Work instructions => Set down the data below in full and exactly, minus the pictures.

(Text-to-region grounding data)
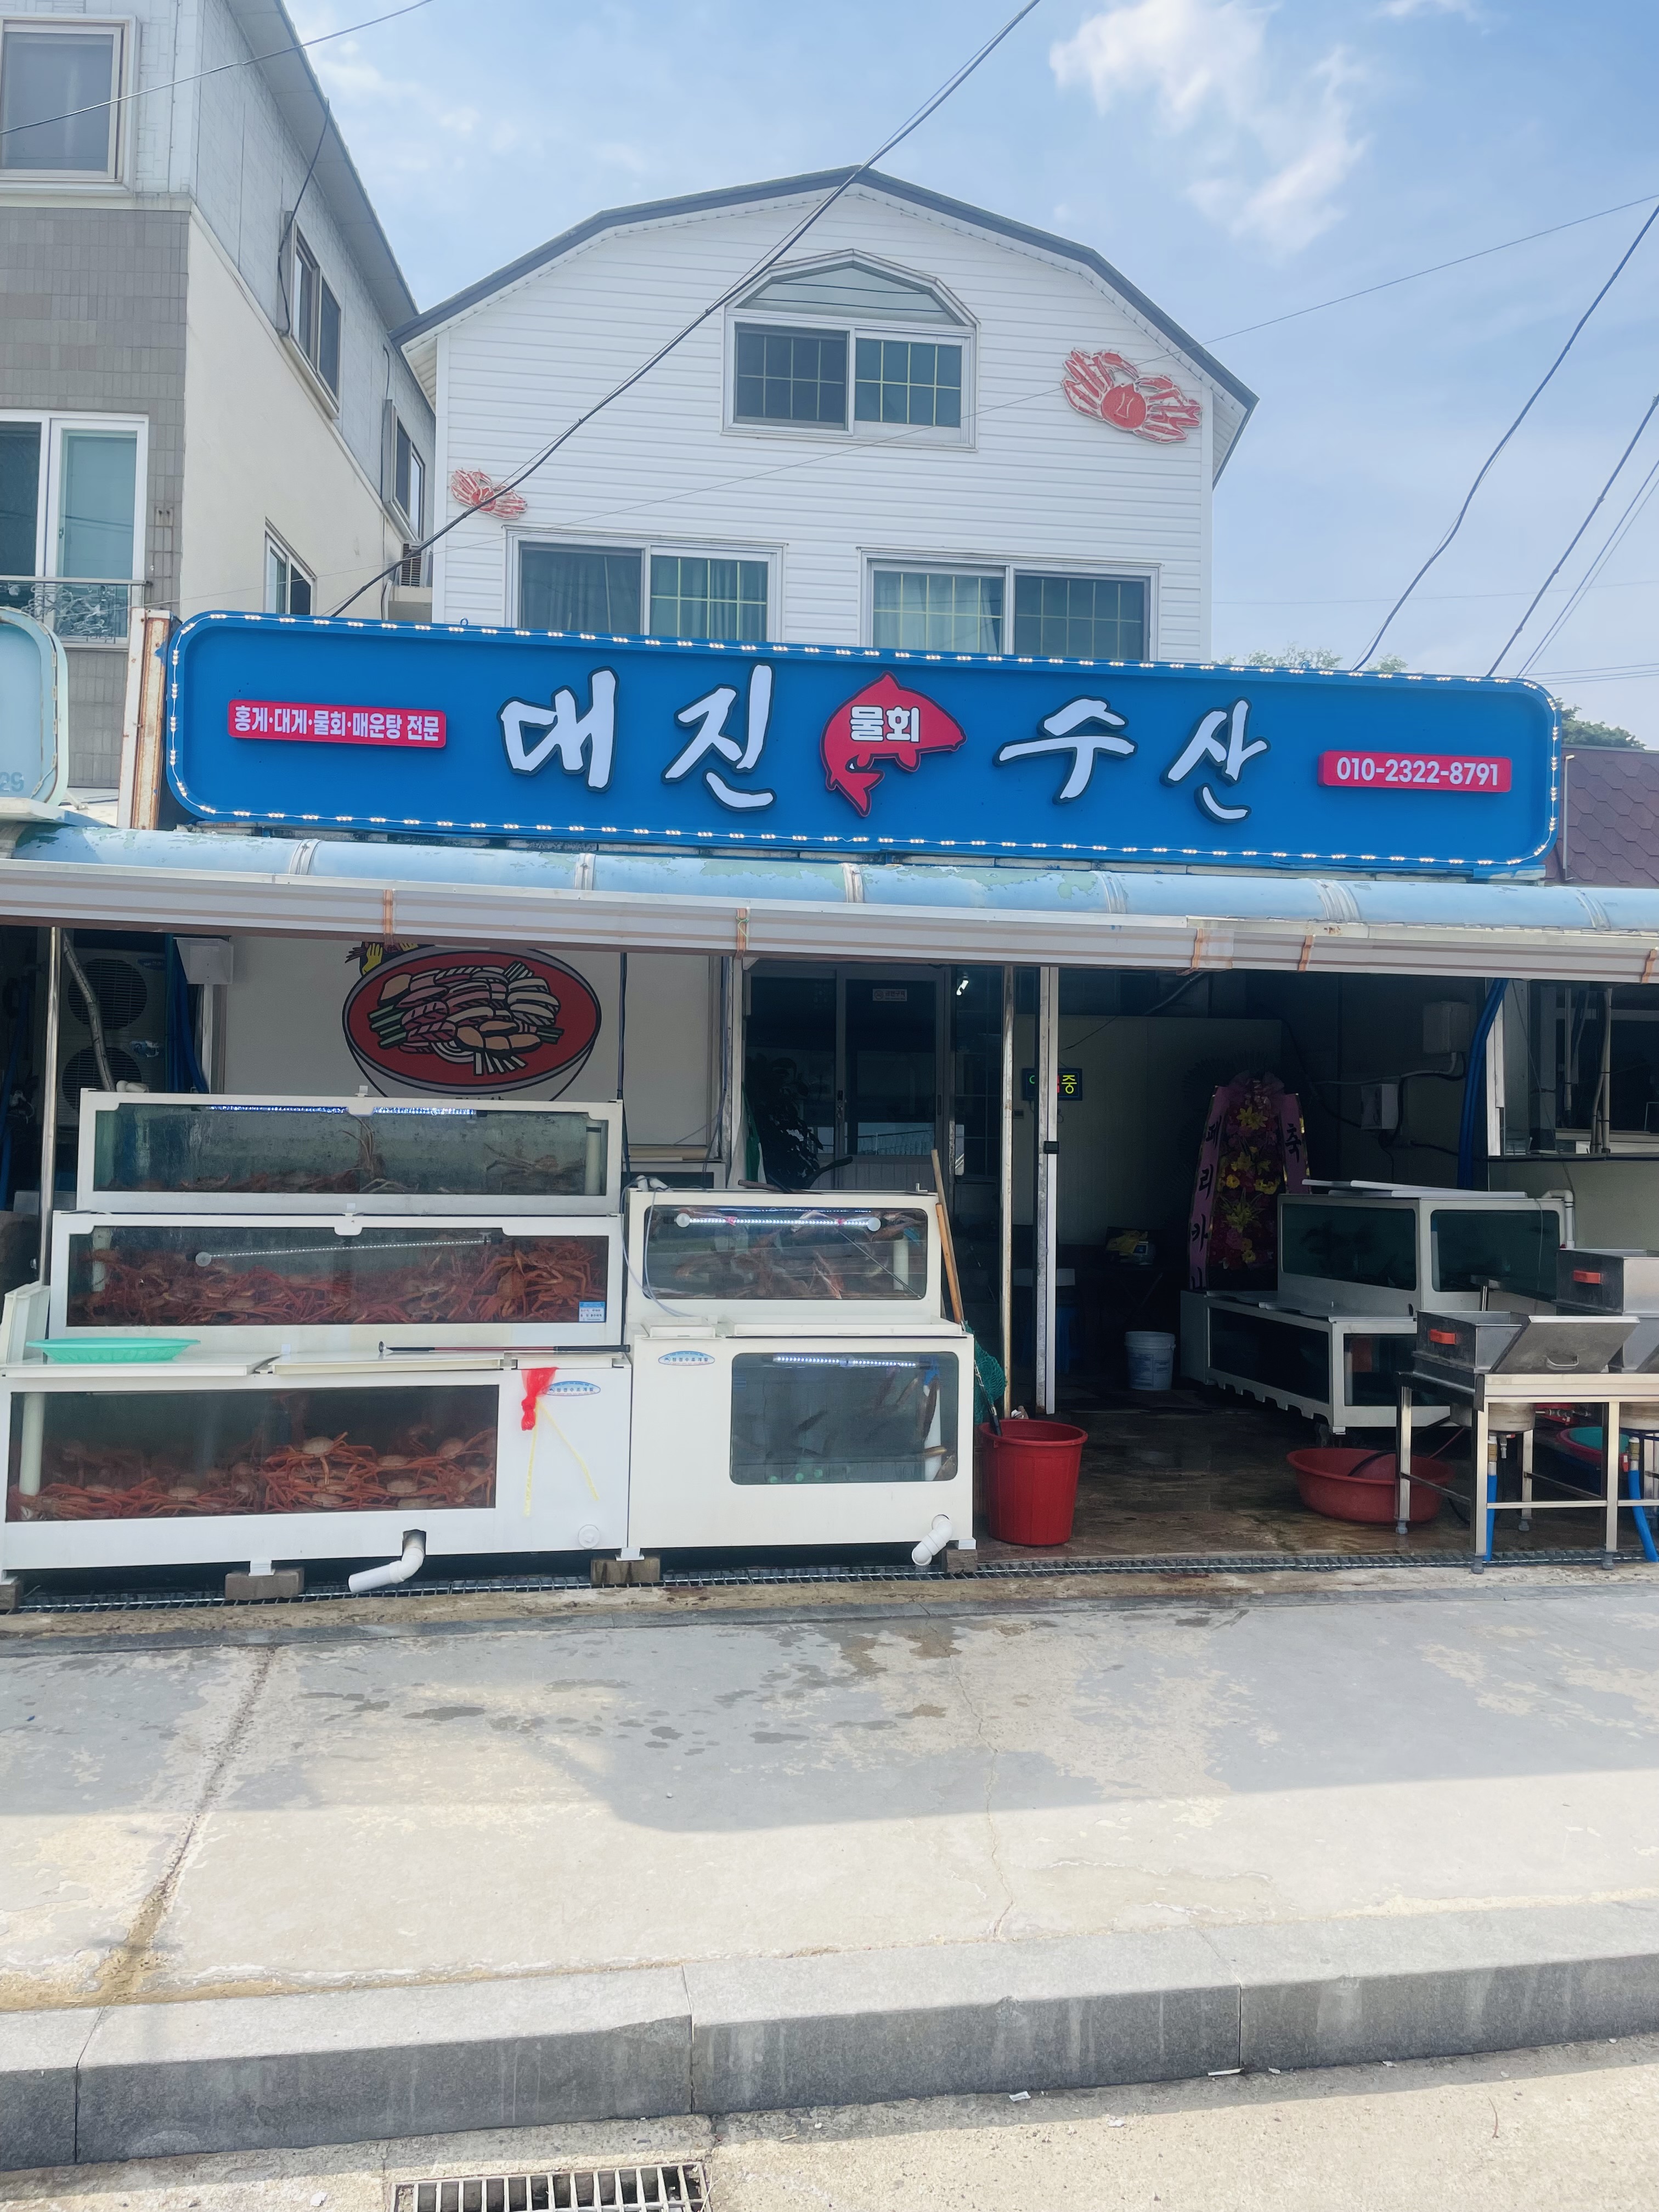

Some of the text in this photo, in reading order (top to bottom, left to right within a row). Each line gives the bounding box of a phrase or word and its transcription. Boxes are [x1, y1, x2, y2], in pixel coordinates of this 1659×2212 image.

[407, 715, 439, 741] 전문
[850, 706, 919, 743] 물회
[500, 664, 1268, 820] 대진 수산
[1336, 757, 1498, 786] 010-2322-8791

Result =>
Some of the text in this photo, in reading order (top to bottom, left to right within a row). Each line gives the bounding box of a phrase or word and its transcription. Boxes are [x1, y1, x2, y2], in pixel coordinates of this 1659×2212 image.

[407, 715, 439, 741] 전문
[850, 706, 919, 743] 물회
[500, 664, 1268, 820] 대진 수산
[1336, 757, 1498, 786] 010-2322-8791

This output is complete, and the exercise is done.